During a proof, I encountered an hypothesis H. I have lemmas: H -> A and H -> B.
How can I duplicate H in order to deduce two hypotheses A and B ?
edited: More precisely, I have:
lemma l1: X -> A.
lemma l2: X -> B.
1 subgoals, subgoal 1 (ID: 42)
H: X
=========
Y
But, I want to get:
1 subgoals, subgoal 1 (ID: 42)
H1: A
H2: B
=========
Y
If you absolutely need to use an assumption multiple times as you suggested, you can use forward-reasoning tactics such as assert to do so without clearing it from the context, e.g.
assert (HA := l1 H).
assert (HB := l2 H).
You can also do something like assert (H' := H). to explicitly copy H into H', although you can usually resort to a more direct way for getting what you want.

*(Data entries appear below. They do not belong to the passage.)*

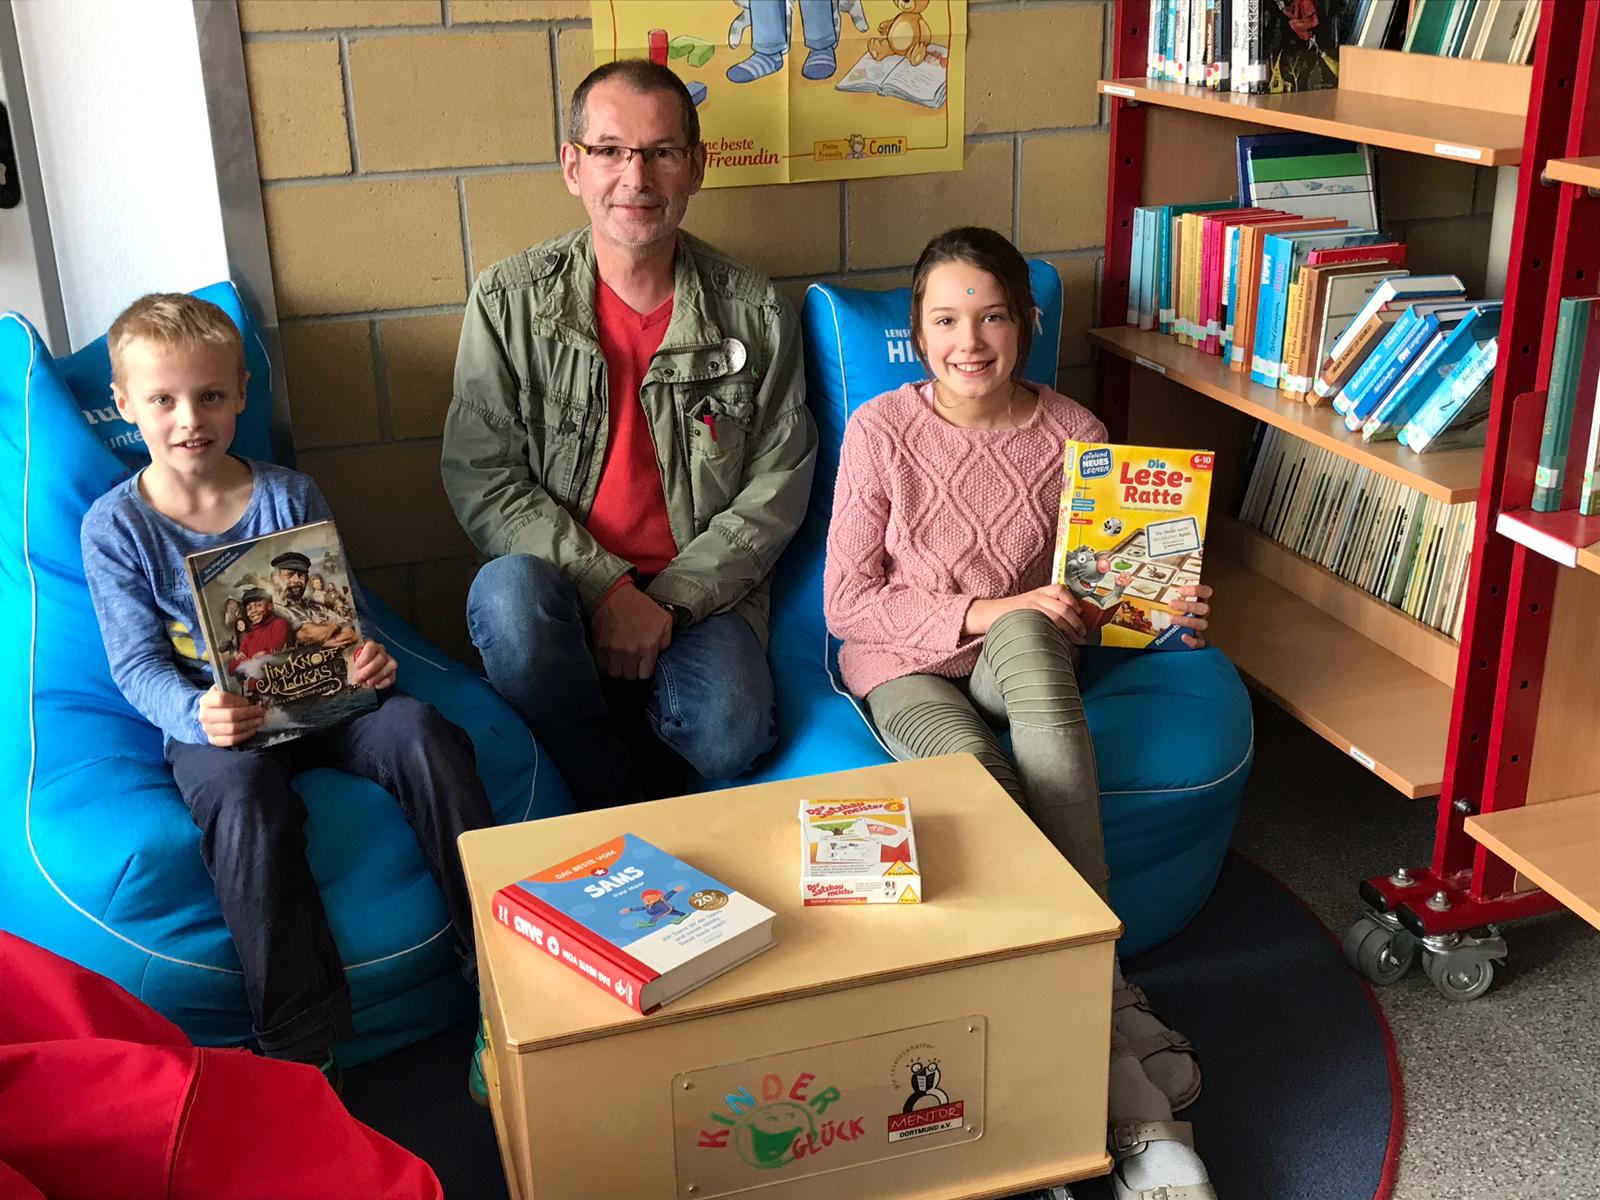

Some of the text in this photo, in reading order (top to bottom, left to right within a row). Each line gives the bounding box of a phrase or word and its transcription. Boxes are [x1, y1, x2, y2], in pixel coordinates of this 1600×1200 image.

[721, 136, 754, 151] beste
[869, 139, 903, 155] Conni
[706, 147, 781, 168] Freundin
[1453, 352, 1473, 379] Madita
[1082, 457, 1110, 469] NEUES
[1147, 459, 1167, 469] Die
[1193, 455, 1212, 465] 6-10
[1082, 465, 1110, 476] LERNEN
[1119, 462, 1193, 488] Lese-
[1123, 485, 1183, 506] Ratte
[287, 646, 340, 674] KNOPF
[279, 665, 333, 692] LUKAS
[806, 805, 826, 816] Der
[815, 802, 866, 819] Satzbau
[841, 803, 885, 817] meister
[555, 849, 618, 880] DAS BESTE VOM
[583, 866, 645, 899] SAMS
[807, 882, 821, 893] Der
[811, 883, 845, 897] Satzbau
[826, 888, 855, 898] meister
[513, 914, 544, 946] SAMS
[561, 948, 579, 966] VOM
[578, 959, 598, 979] BESTE
[597, 971, 611, 988] DAS
[697, 1073, 841, 1148] KINDER
[890, 1107, 960, 1130] MENTOR
[791, 1116, 865, 1160] GLÜCK
[899, 1121, 953, 1139] DORTMUND e.V.

Why do you think that you need to duplicate the hypothesis? If you are using it in a proof, it won't become unavailable. See this example:
Parameter A B H : Type.
Parameter lemma1 : H -> A.
Parameter lemma2 : H -> B.
Goal H -> A * B.
intro; split; [apply lemma1 | apply lemma2]; assumption.
Qed.
apply l1 in H replaces X to A inplace, so after it I can not apply l2 in H –
Fissionable If you want to duplicate hypothesis H, you can pose proof H as G. G is the name you choose for the generated hypothesis. as G can be omitted, in this way you let coq choose the name.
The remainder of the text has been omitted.